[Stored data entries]

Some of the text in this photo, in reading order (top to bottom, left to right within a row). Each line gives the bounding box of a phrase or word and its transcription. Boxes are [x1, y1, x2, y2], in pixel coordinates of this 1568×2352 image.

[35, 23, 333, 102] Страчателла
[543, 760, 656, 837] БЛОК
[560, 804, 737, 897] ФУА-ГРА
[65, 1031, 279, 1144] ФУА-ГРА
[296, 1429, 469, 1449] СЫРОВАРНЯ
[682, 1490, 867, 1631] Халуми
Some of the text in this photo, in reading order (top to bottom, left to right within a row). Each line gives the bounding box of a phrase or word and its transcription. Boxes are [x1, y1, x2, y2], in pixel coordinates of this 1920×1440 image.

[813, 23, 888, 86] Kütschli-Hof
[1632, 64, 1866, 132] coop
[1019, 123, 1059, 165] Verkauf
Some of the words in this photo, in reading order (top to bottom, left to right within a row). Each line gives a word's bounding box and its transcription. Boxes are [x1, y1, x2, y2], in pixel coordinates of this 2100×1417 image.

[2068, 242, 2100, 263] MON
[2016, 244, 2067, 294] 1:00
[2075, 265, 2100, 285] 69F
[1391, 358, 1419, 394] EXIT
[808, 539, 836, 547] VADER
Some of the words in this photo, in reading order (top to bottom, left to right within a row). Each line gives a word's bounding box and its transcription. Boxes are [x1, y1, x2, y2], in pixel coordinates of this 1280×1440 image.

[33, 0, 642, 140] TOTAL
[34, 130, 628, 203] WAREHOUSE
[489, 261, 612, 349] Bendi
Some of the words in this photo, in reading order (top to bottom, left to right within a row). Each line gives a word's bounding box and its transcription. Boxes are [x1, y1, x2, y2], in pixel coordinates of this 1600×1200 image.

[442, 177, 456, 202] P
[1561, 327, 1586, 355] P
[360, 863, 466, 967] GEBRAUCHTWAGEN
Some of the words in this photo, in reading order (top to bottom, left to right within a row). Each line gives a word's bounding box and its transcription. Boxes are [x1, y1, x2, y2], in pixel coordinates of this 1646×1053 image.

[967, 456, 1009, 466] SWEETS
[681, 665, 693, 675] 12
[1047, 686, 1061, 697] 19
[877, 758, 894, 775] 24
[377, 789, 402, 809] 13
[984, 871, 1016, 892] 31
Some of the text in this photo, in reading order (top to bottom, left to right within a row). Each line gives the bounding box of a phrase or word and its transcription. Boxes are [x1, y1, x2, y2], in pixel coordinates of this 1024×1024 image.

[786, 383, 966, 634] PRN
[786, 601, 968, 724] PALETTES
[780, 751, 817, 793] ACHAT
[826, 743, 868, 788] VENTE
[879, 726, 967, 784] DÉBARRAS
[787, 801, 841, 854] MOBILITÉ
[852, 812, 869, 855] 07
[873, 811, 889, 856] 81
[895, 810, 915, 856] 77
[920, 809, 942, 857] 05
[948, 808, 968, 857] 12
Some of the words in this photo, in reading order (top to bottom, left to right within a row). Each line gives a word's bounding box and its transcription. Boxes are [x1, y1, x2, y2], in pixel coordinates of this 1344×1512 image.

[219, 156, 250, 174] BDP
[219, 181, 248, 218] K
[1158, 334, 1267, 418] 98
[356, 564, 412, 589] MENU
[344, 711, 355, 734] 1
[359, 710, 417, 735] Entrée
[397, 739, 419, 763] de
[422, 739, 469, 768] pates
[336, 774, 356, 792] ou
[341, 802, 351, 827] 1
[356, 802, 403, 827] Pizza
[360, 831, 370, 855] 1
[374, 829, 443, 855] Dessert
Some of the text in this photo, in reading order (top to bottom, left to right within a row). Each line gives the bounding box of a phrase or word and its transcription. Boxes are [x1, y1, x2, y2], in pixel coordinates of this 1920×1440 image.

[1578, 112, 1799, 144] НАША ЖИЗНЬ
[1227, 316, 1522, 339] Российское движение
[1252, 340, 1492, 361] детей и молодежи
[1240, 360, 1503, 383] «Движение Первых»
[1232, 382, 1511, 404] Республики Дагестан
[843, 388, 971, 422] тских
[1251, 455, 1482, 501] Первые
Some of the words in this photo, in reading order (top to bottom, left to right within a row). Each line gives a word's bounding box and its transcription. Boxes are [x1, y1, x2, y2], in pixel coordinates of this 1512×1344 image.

WHAT YOU NEED TO DO - An exact, complete copy of the records is the expected answer.

TASK SOLUTION -
Some of the text in this photo, in reading order (top to bottom, left to right within a row). Each line gives the bounding box of a phrase or word and its transcription. Boxes are [x1, y1, x2, y2], in pixel coordinates of this 1568×2352 image.

[35, 23, 333, 102] Страчателла
[543, 760, 656, 837] БЛОК
[560, 804, 737, 897] ФУА-ГРА
[65, 1031, 279, 1144] ФУА-ГРА
[296, 1429, 469, 1449] СЫРОВАРНЯ
[682, 1490, 867, 1631] Халуми
Some of the text in this photo, in reading order (top to bottom, left to right within a row). Each line gives the bounding box of a phrase or word and its transcription. Boxes are [x1, y1, x2, y2], in pixel coordinates of this 1920×1440 image.

[813, 23, 888, 86] Kütschli-Hof
[1632, 64, 1866, 132] coop
[1019, 123, 1059, 165] Verkauf
Some of the words in this photo, in reading order (top to bottom, left to right within a row). Each line gives a word's bounding box and its transcription. Boxes are [x1, y1, x2, y2], in pixel coordinates of this 2100×1417 image.

[2068, 242, 2100, 263] MON
[2016, 244, 2067, 294] 1:00
[2075, 265, 2100, 285] 69F
[1391, 358, 1419, 394] EXIT
[808, 539, 836, 547] VADER
Some of the words in this photo, in reading order (top to bottom, left to right within a row). Each line gives a word's bounding box and its transcription. Boxes are [x1, y1, x2, y2], in pixel coordinates of this 1280×1440 image.

[33, 0, 642, 140] TOTAL
[34, 130, 628, 203] WAREHOUSE
[489, 261, 612, 349] Bendi
Some of the words in this photo, in reading order (top to bottom, left to right within a row). Each line gives a word's bounding box and its transcription. Boxes are [x1, y1, x2, y2], in pixel coordinates of this 1600×1200 image.

[442, 177, 456, 202] P
[1561, 327, 1586, 355] P
[360, 863, 466, 967] GEBRAUCHTWAGEN
Some of the words in this photo, in reading order (top to bottom, left to right within a row). Each line gives a word's bounding box and its transcription. Boxes are [x1, y1, x2, y2], in pixel coordinates of this 1646×1053 image.

[967, 456, 1009, 466] SWEETS
[681, 665, 693, 675] 12
[1047, 686, 1061, 697] 19
[877, 758, 894, 775] 24
[377, 789, 402, 809] 13
[984, 871, 1016, 892] 31
Some of the text in this photo, in reading order (top to bottom, left to right within a row). Each line gives the bounding box of a phrase or word and its transcription. Boxes are [x1, y1, x2, y2], in pixel coordinates of this 1024×1024 image.

[786, 383, 966, 634] PRN
[786, 601, 968, 724] PALETTES
[780, 751, 817, 793] ACHAT
[826, 743, 868, 788] VENTE
[879, 726, 967, 784] DÉBARRAS
[787, 801, 841, 854] MOBILITÉ
[852, 812, 869, 855] 07
[873, 811, 889, 856] 81
[895, 810, 915, 856] 77
[920, 809, 942, 857] 05
[948, 808, 968, 857] 12
Some of the words in this photo, in reading order (top to bottom, left to right within a row). Each line gives a word's bounding box and its transcription. Boxes are [x1, y1, x2, y2], in pixel coordinates of this 1344×1512 image.

[219, 156, 250, 174] BDP
[219, 181, 248, 218] K
[1158, 334, 1267, 418] 98
[356, 564, 412, 589] MENU
[344, 711, 355, 734] 1
[359, 710, 417, 735] Entrée
[397, 739, 419, 763] de
[422, 739, 469, 768] pates
[336, 774, 356, 792] ou
[341, 802, 351, 827] 1
[356, 802, 403, 827] Pizza
[360, 831, 370, 855] 1
[374, 829, 443, 855] Dessert
Some of the text in this photo, in reading order (top to bottom, left to right within a row). Each line gives the bounding box of a phrase or word and its transcription. Boxes are [x1, y1, x2, y2], in pixel coordinates of this 1920×1440 image.

[1578, 112, 1799, 144] НАША ЖИЗНЬ
[1227, 316, 1522, 339] Российское движение
[1252, 340, 1492, 361] детей и молодежи
[1240, 360, 1503, 383] «Движение Первых»
[1232, 382, 1511, 404] Республики Дагестан
[843, 388, 971, 422] тских
[1251, 455, 1482, 501] Первые
Some of the words in this photo, in reading order (top to bottom, left to right within a row). Each line gives a word's bounding box and its transcription. Boxes are [x1, y1, x2, y2], in pixel coordinates of this 1512×1344 image.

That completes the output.